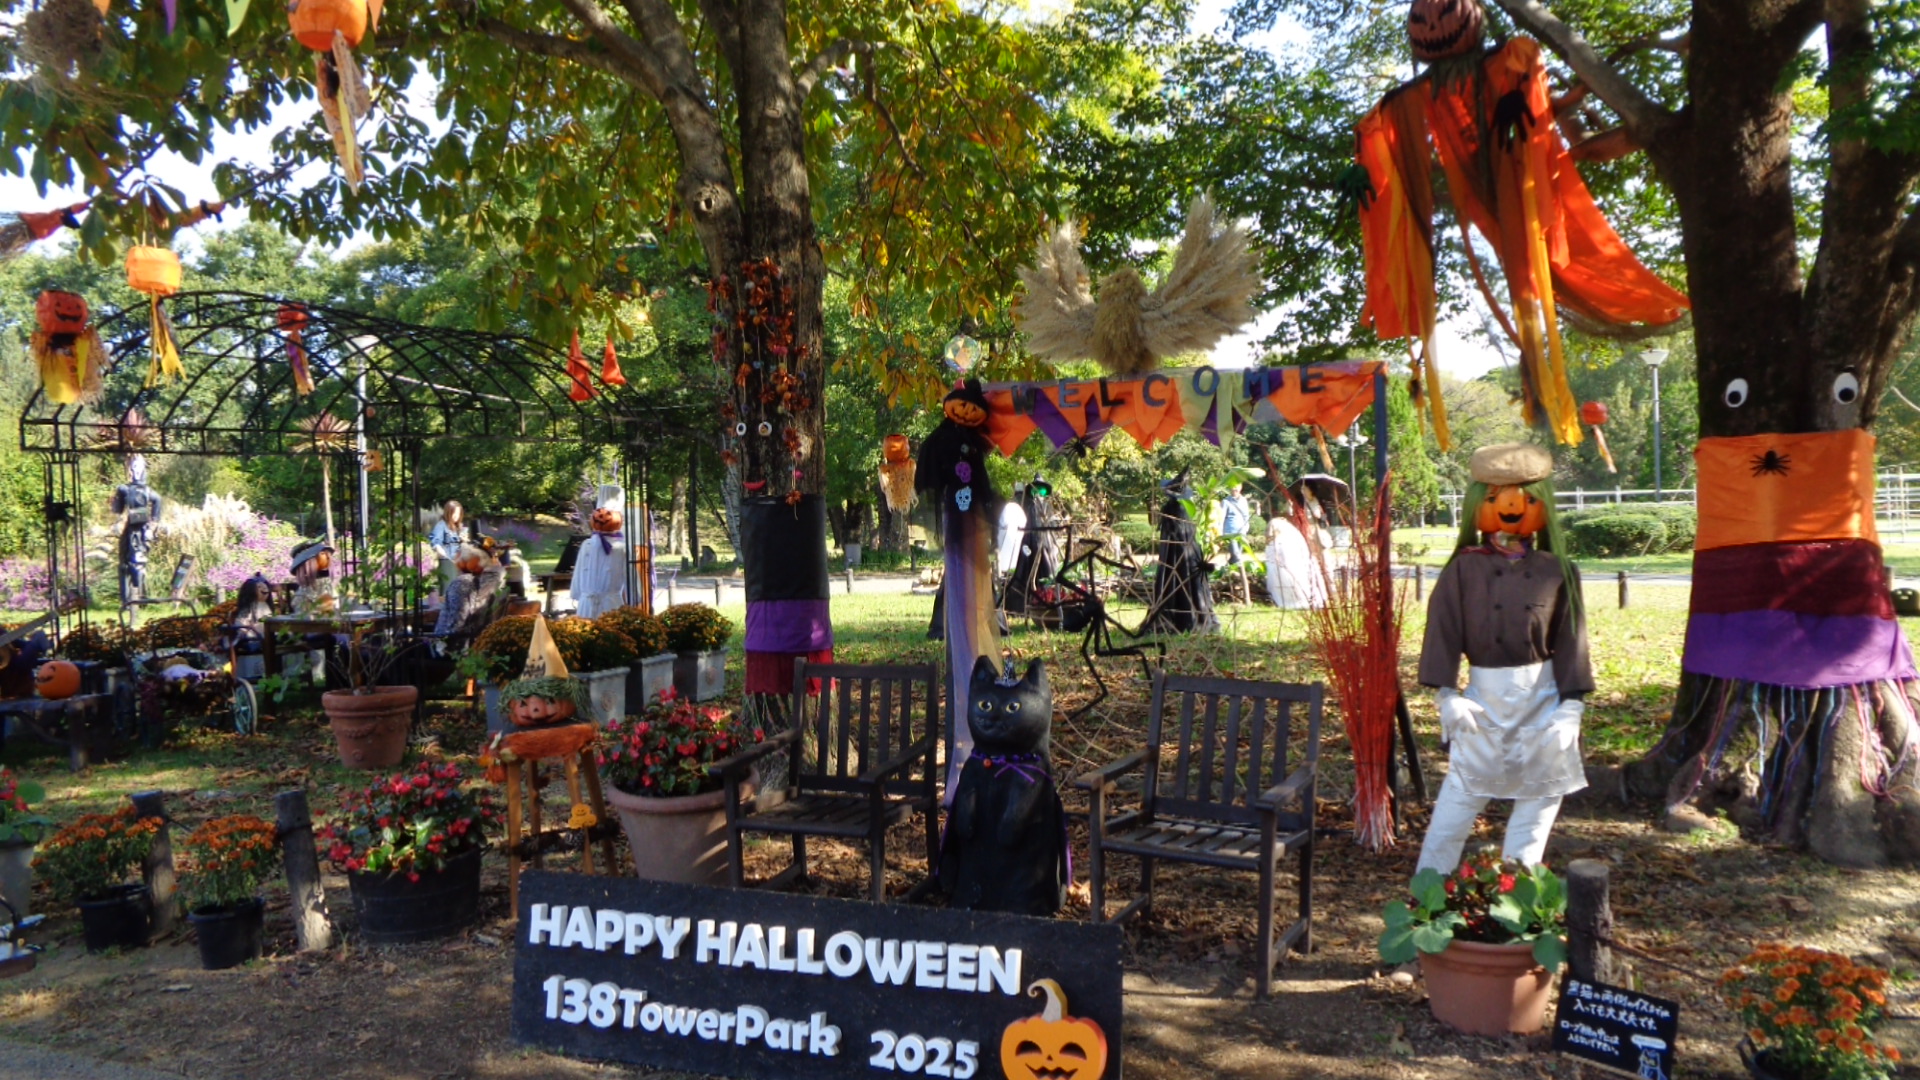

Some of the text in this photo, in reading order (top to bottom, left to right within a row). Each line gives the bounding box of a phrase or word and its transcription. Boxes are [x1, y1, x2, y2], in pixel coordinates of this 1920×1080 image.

[1011, 363, 1324, 415] WELCOME
[529, 903, 1022, 996] HAPPY HALLOWEEN
[543, 975, 979, 1079] 138TowerPark 2025
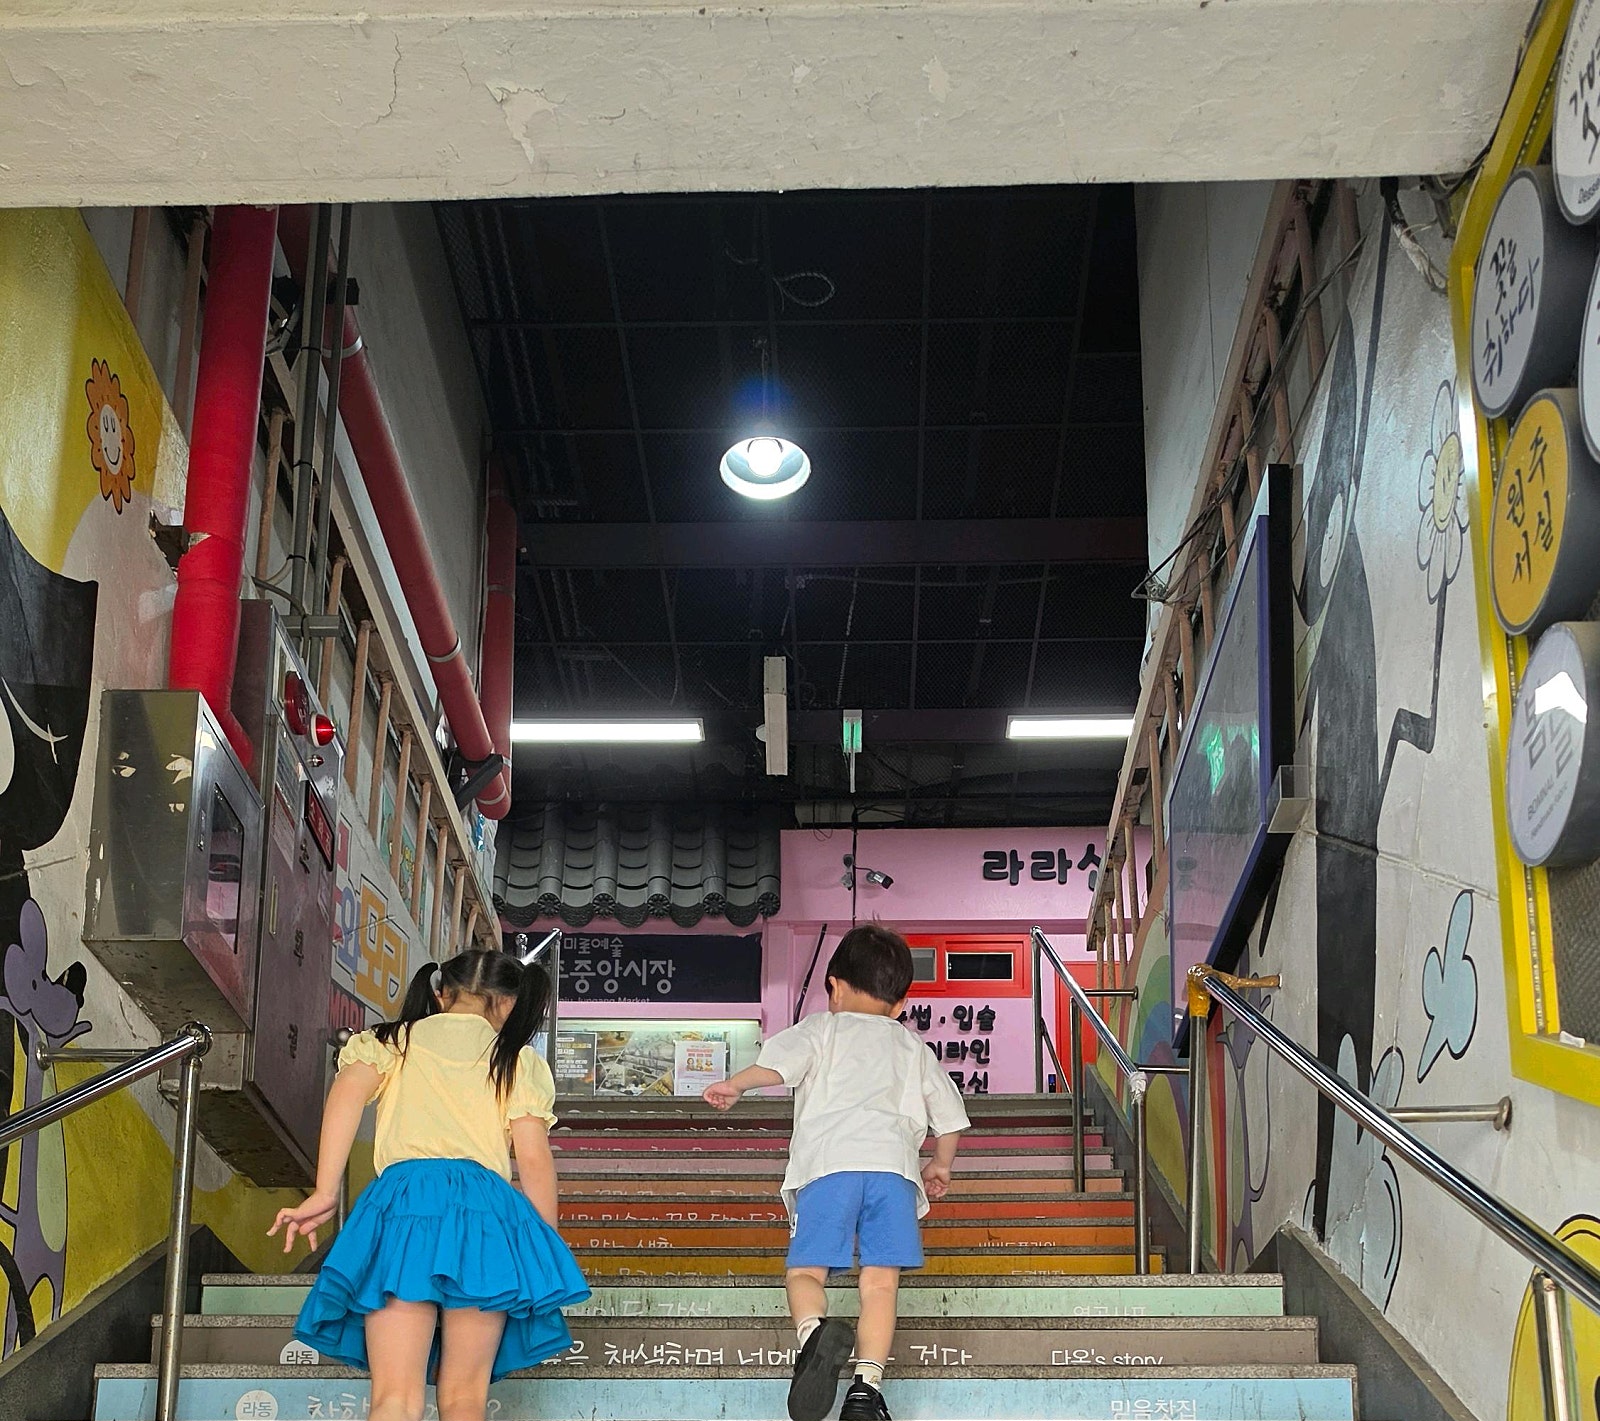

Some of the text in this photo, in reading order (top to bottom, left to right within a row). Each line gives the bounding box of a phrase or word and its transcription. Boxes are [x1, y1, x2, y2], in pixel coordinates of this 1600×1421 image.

[1506, 425, 1548, 529] 원주
[1511, 490, 1555, 584] 서실
[563, 936, 624, 958] 미로예술
[952, 1004, 996, 1032] 입술
[1113, 1352, 1164, 1365] story
[240, 1400, 273, 1420] 라동

Your assignment: Repeat the data exactly. Pictures should not appear.

Response to this task:
Some of the text in this photo, in reading order (top to bottom, left to right within a row). Each line gives the bounding box of a phrase or word and its transcription. Boxes are [x1, y1, x2, y2], in pixel coordinates of this 1920×1080 image.

[1011, 363, 1324, 415] WELCOME
[529, 903, 1022, 996] HAPPY HALLOWEEN
[543, 975, 979, 1079] 138TowerPark 2025

Some of the text in this photo, in reading order (top to bottom, left to right within a row). Each line gives the bounding box of a phrase or word and its transcription. Boxes are [x1, y1, x2, y2], in pixel coordinates of this 1600×1421 image.

[1506, 425, 1548, 529] 원주
[1511, 490, 1555, 584] 서실
[563, 936, 624, 958] 미로예술
[952, 1004, 996, 1032] 입술
[1113, 1352, 1164, 1365] story
[240, 1400, 273, 1420] 라동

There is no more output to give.